-- Supplied records follows --

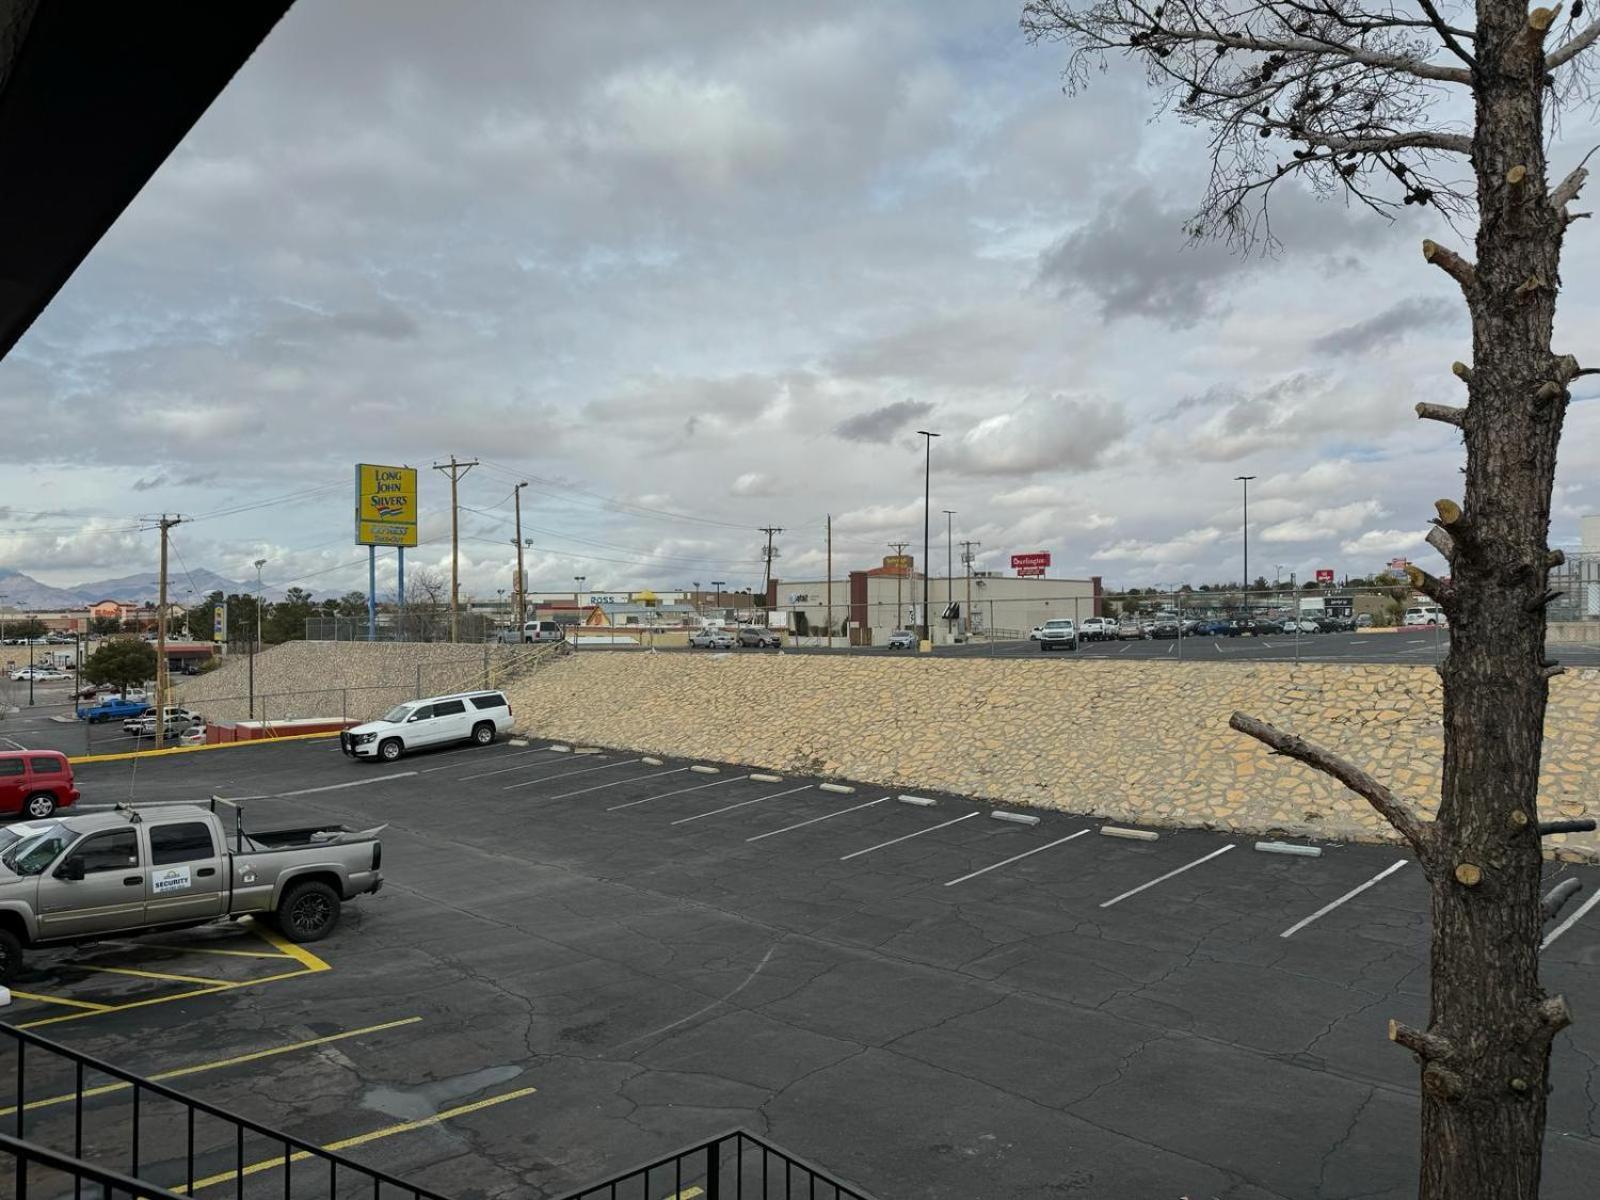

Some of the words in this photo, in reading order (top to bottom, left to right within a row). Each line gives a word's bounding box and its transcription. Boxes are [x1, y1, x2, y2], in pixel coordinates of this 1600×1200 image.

[375, 470, 402, 481] LONG
[377, 481, 401, 493] JOHN
[591, 596, 615, 604] ROSS
[155, 877, 188, 889] SECURITY

-- Supplied records concluded --

- _Problem to work on_:
Exactly what appears in the records above must be returned, apart from the pictures.

- _Output_:
Some of the words in this photo, in reading order (top to bottom, left to right within a row). Each line gives a word's bounding box and its transcription. Boxes are [x1, y1, x2, y2], in pixel coordinates of this 1600×1200 image.

[375, 470, 402, 481] LONG
[377, 481, 401, 493] JOHN
[591, 596, 615, 604] ROSS
[155, 877, 188, 889] SECURITY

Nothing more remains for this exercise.